▽
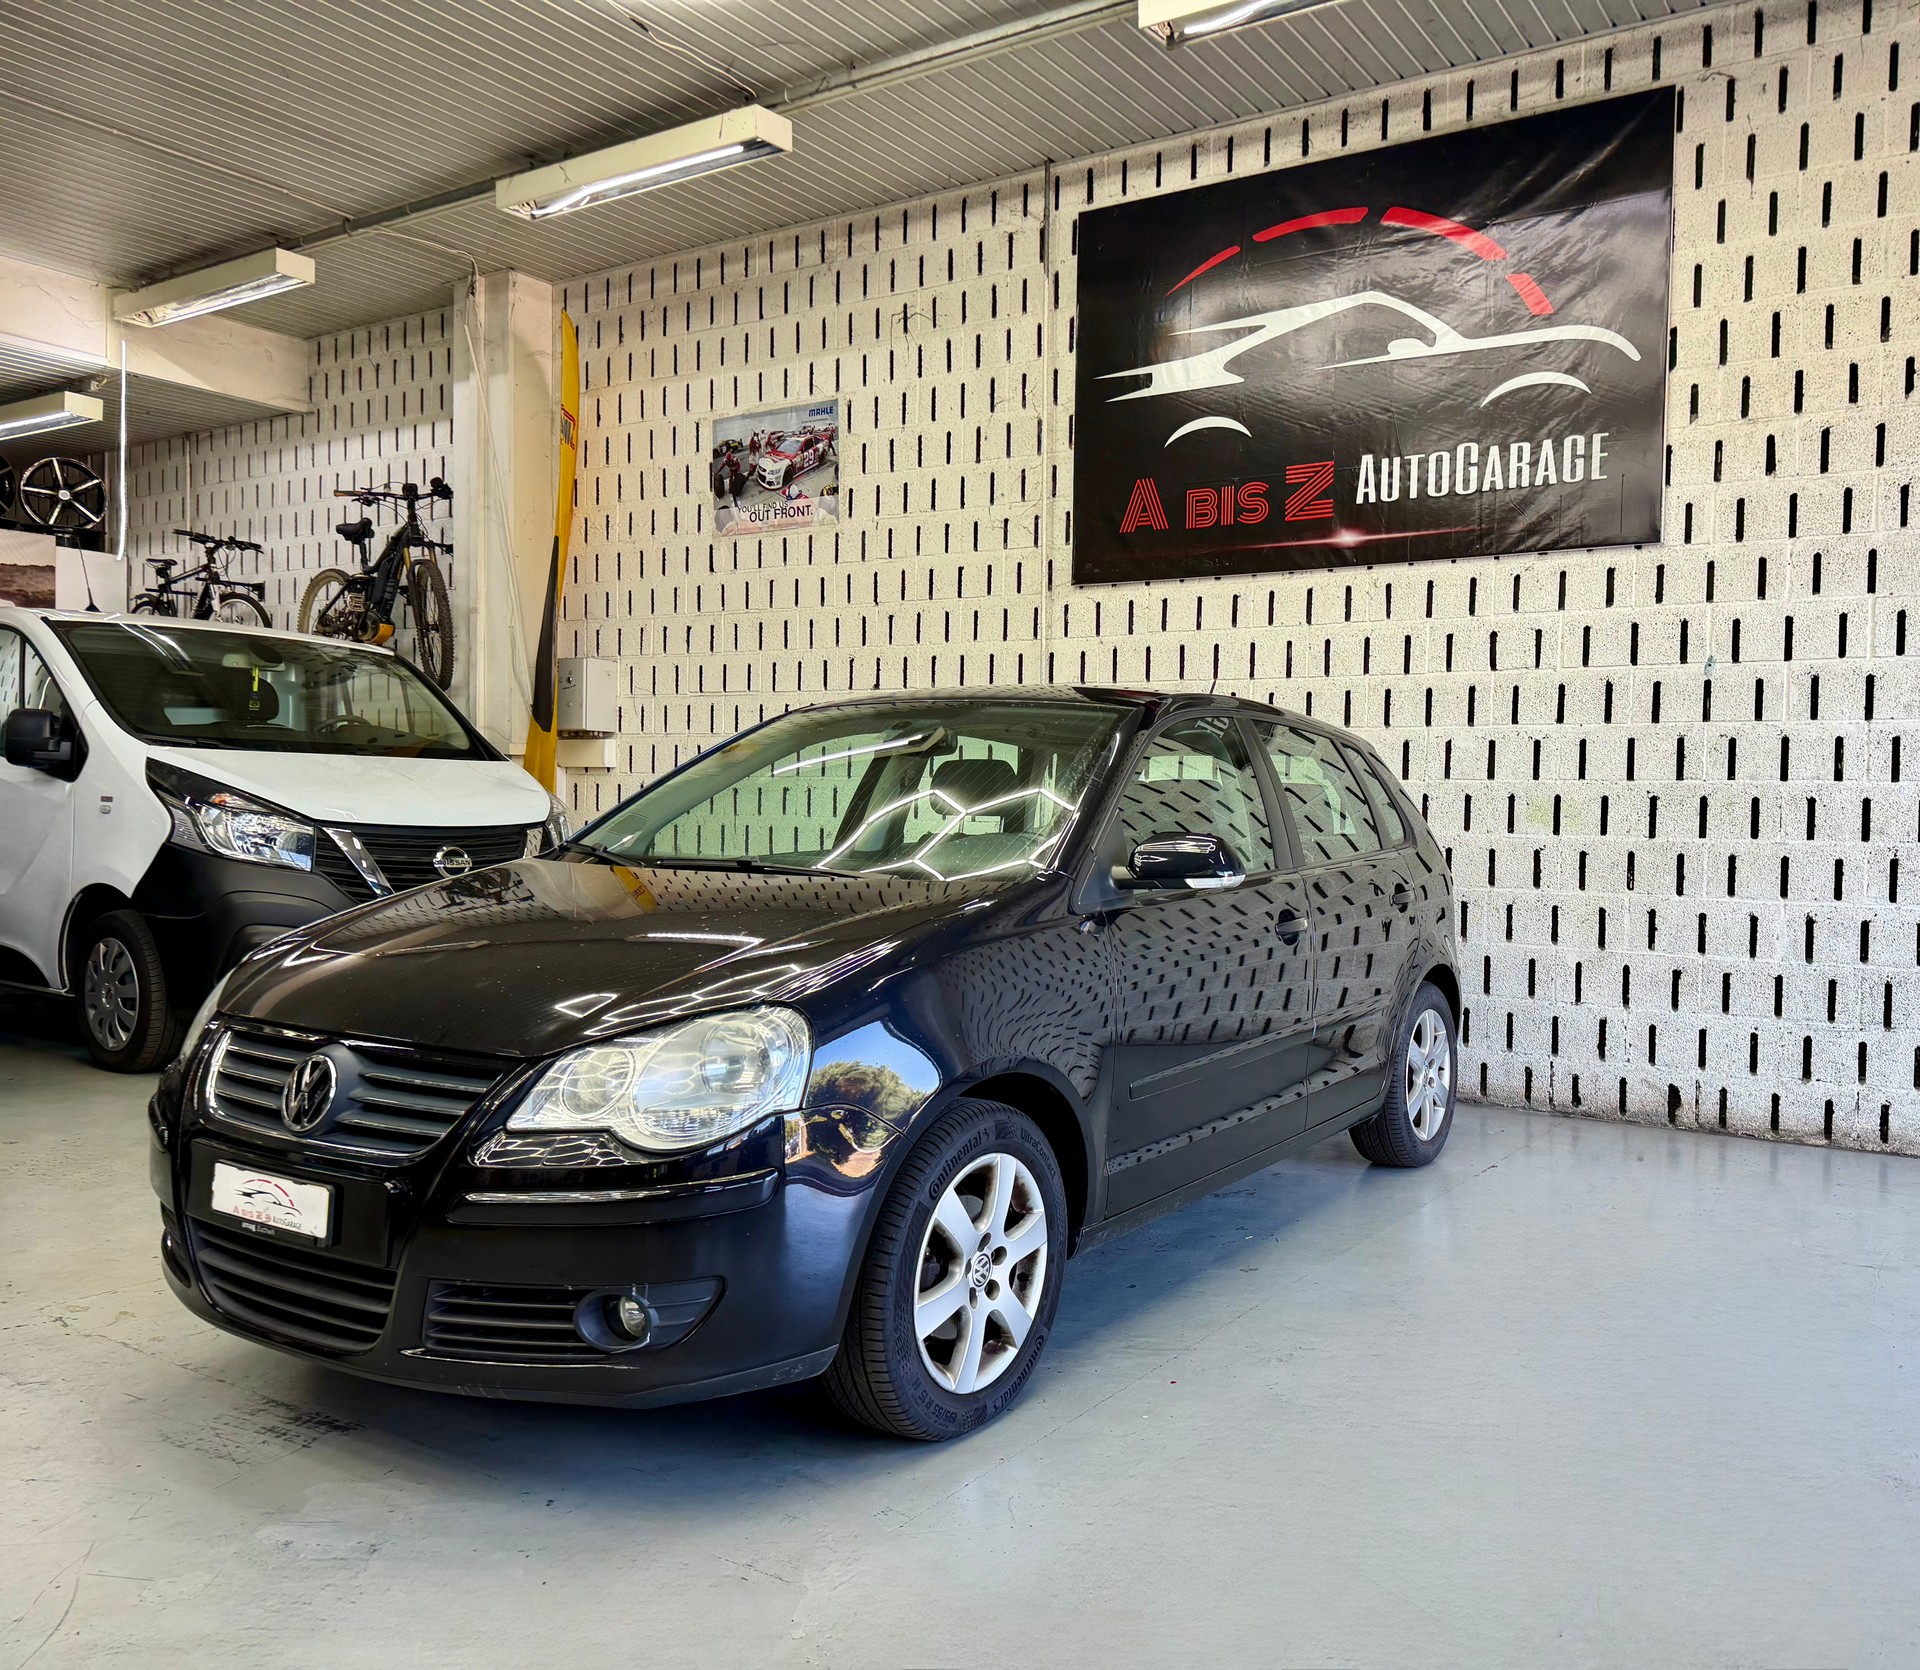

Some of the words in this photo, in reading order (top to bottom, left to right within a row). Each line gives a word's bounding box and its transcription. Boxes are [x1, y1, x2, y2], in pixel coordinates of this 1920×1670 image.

[808, 405, 834, 418] MAHLE
[803, 449, 815, 468] 29
[1355, 432, 1610, 506] AUTOGARAGE
[749, 509, 771, 523] OUT
[774, 504, 814, 519] FRONT.
[1118, 478, 1170, 534] A
[1185, 481, 1271, 530] BIS
[1284, 460, 1336, 522] Z
[929, 1130, 982, 1201] Continental
[1020, 1127, 1056, 1180] UltraContact
[232, 1205, 240, 1215] A
[1000, 1334, 1045, 1408] Continental
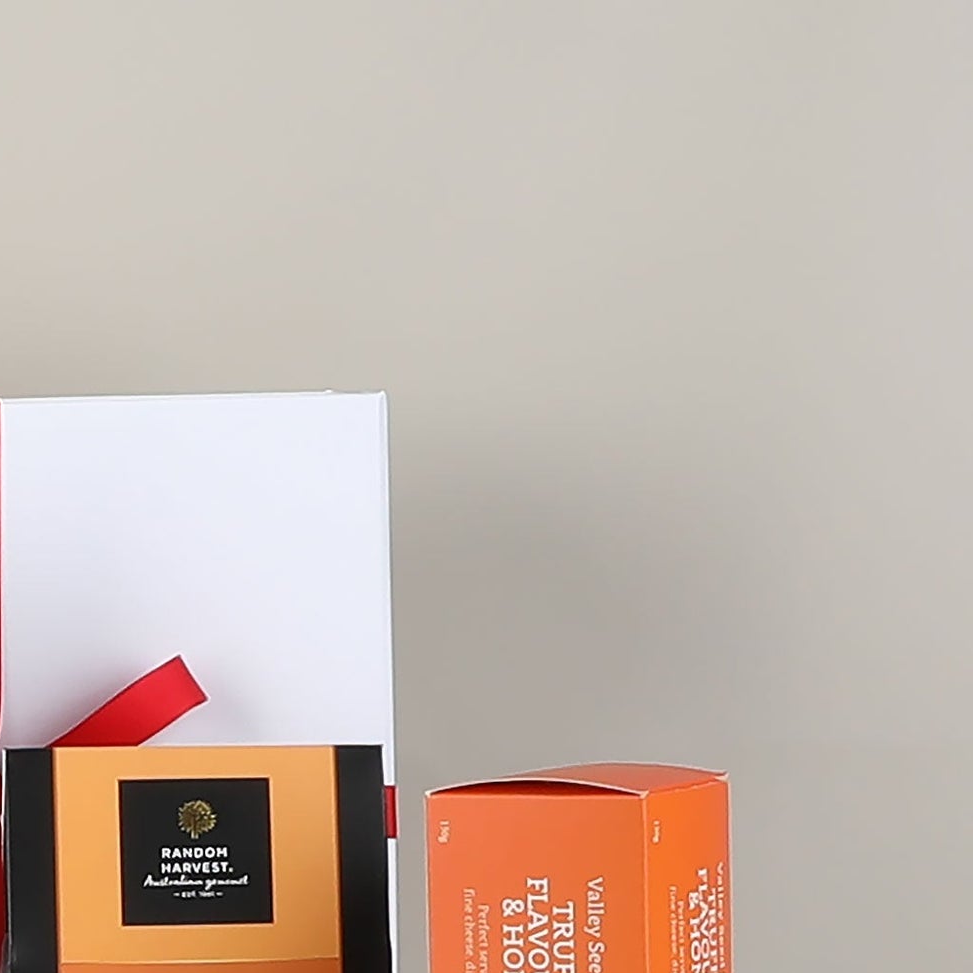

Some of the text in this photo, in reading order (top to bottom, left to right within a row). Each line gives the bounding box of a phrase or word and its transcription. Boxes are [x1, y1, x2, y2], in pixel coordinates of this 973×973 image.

[161, 846, 228, 859] RANDOM
[463, 888, 475, 913] fine
[501, 898, 525, 917] &
[584, 876, 605, 938] Valley
[477, 904, 490, 947] Perfect
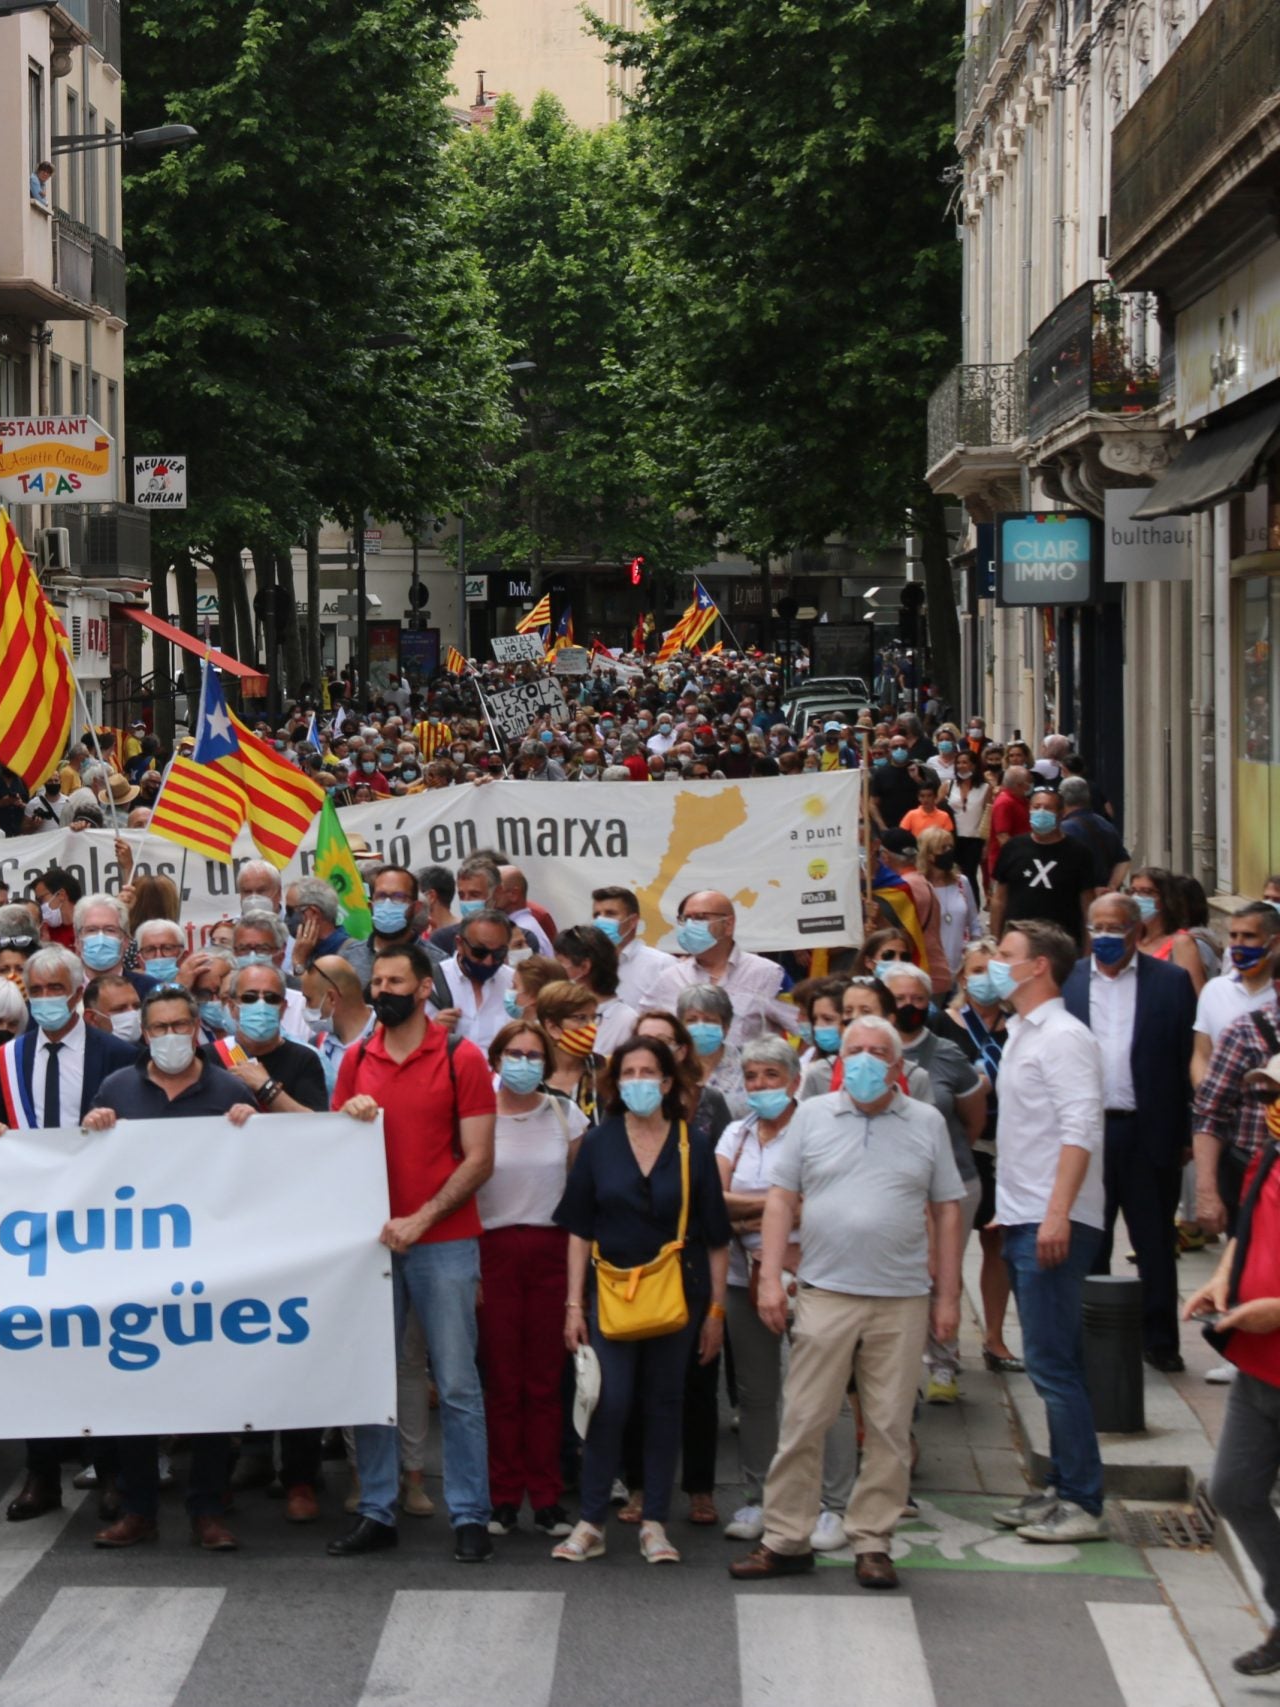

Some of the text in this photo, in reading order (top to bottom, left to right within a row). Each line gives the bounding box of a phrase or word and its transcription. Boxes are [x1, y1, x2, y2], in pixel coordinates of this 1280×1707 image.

[135, 458, 185, 475] MEUNIER
[18, 472, 82, 497] TAPAS
[138, 492, 183, 503] CATALAN
[1013, 540, 1079, 560] CLAIR
[1014, 562, 1077, 581] IMMO
[429, 818, 477, 863] en
[496, 816, 629, 858] marxa
[790, 825, 843, 842] a punt
△
Task to carry out:
Set down the material exactly as given, but print none of the pictures.

Written response:
Some of the words in this photo, in reading order (top to bottom, left to right within a row). Each line gives a word's bounding box and its transcription. Boxes are [x1, y1, x2, y2], in pixel coordinates of this 1920×1670 image.

[808, 405, 834, 418] MAHLE
[803, 449, 815, 468] 29
[1355, 432, 1610, 506] AUTOGARAGE
[749, 509, 771, 523] OUT
[774, 504, 814, 519] FRONT.
[1118, 478, 1170, 534] A
[1185, 481, 1271, 530] BIS
[1284, 460, 1336, 522] Z
[929, 1130, 982, 1201] Continental
[1020, 1127, 1056, 1180] UltraContact
[232, 1205, 240, 1215] A
[1000, 1334, 1045, 1408] Continental

Some of the text in this photo, in reading order (top to bottom, left to right within a row). Each line gives the bounding box of a phrase or word and its transcription. Boxes are [x1, y1, x2, y2], in pixel coordinates of this 973×973 image.

[161, 846, 228, 859] RANDOM
[463, 888, 475, 913] fine
[501, 898, 525, 917] &
[584, 876, 605, 938] Valley
[477, 904, 490, 947] Perfect

Some of the text in this photo, in reading order (top to bottom, left to right within a row). Each line gives the bounding box of a phrase or word and its transcription. Boxes are [x1, y1, x2, y2], in pixel coordinates of this 1280×1707 image.

[135, 458, 185, 475] MEUNIER
[18, 472, 82, 497] TAPAS
[138, 492, 183, 503] CATALAN
[1013, 540, 1079, 560] CLAIR
[1014, 562, 1077, 581] IMMO
[429, 818, 477, 863] en
[496, 816, 629, 858] marxa
[790, 825, 843, 842] a punt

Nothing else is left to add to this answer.